I receive a small contribution when you click on the link to one of the vendors in my articles. This does NOT increase the price you pay but helps me to keep the lights on and this informational blog free for everyone. Please click on the links in the articles or to the vendors below if you are purchasing products or DNA testing.

Thank you so much.

DNA Purchases and Free Transfers

Genealogy Services

Genealogy Research

Concepts: What are NPEs and MPEs?

Child with helix

Sooner or later in genetic genealogy, you’re going to run across the acronym, NPE or MPE.

Years ago, the phrase NPE was coined to generally mean when the expected parent or parents weren’t.

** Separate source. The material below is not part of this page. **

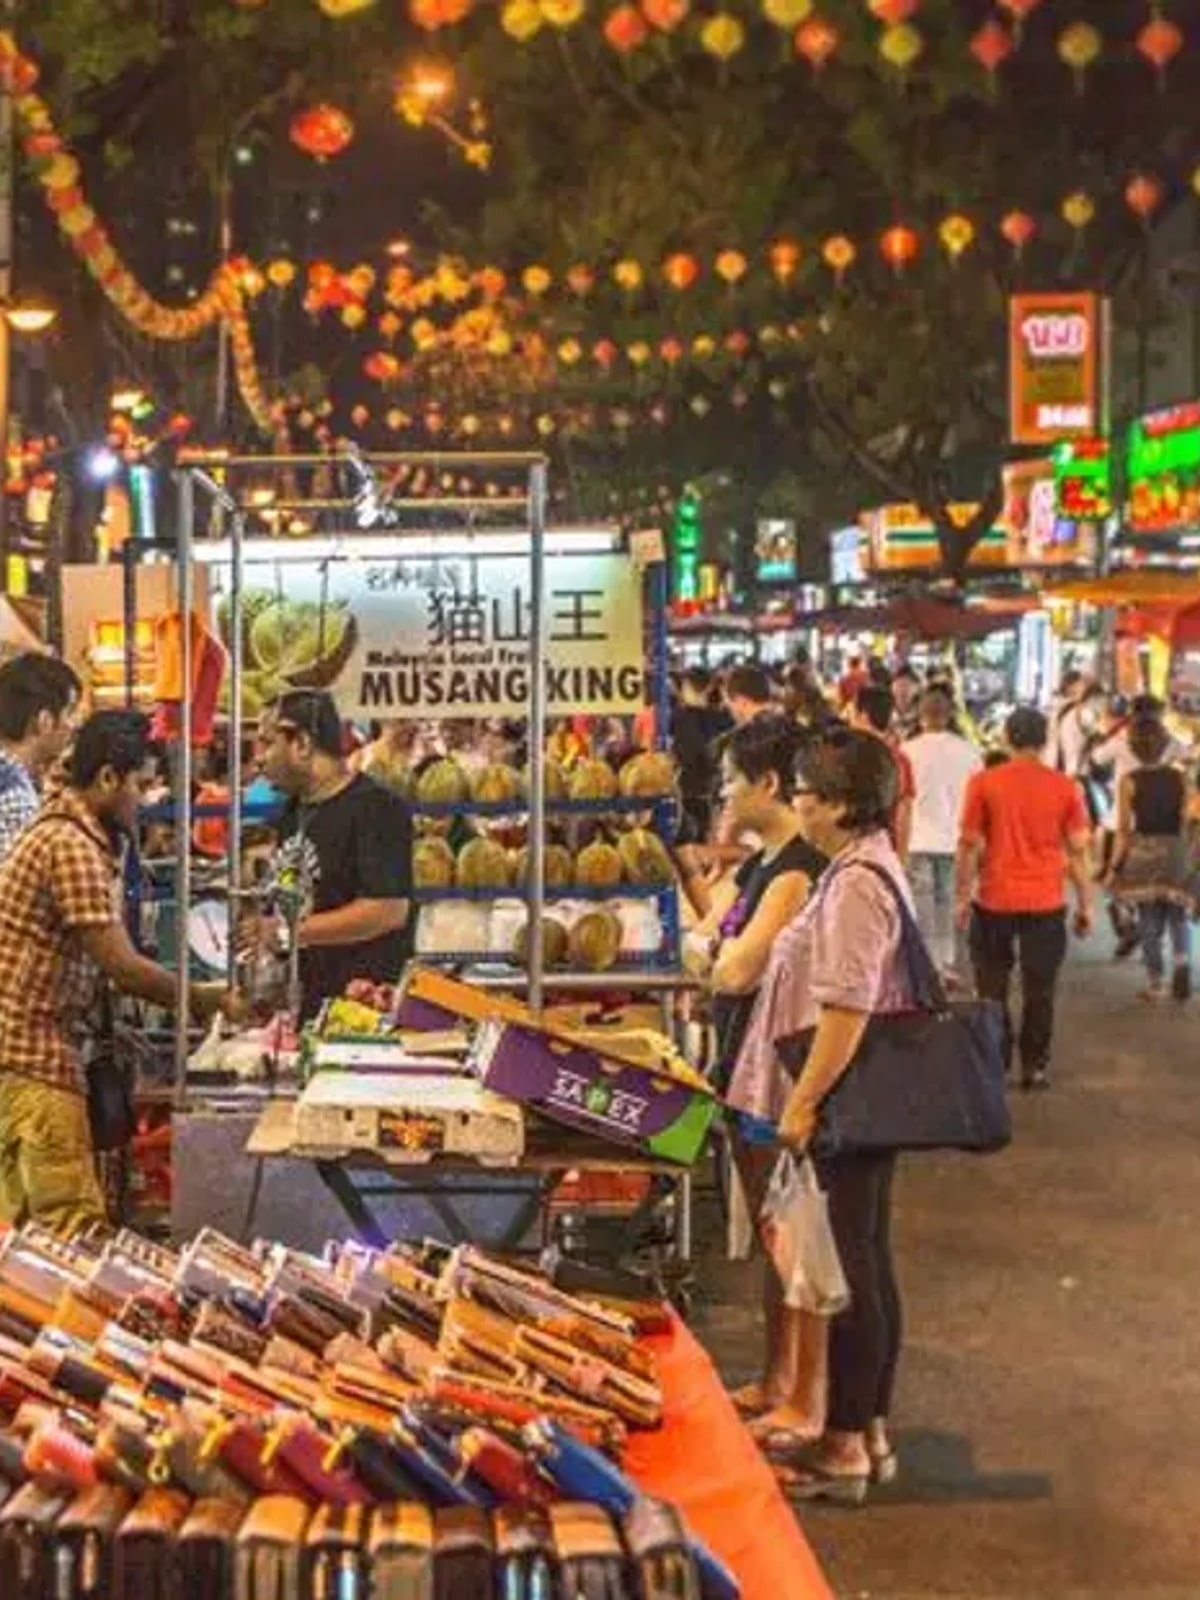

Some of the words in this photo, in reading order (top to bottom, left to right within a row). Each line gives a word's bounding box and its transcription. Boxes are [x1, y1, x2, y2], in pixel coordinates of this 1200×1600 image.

[427, 587, 608, 646] 猫山王
[359, 667, 529, 707] MUSANG
[546, 665, 643, 703] KING

  • NPE means nonpaternal event, also sometimes nonparental event.
  • Some folks didn’t like that term and began to use MPE, misattributed paternal event or misattributed parentage.

Of course, today, this situation could arise as a result of an adoption, a donor situation, either male or female, or the more often thought-of situation where the father isn’t who he’s presumed/believed to be based on the circumstances at hand.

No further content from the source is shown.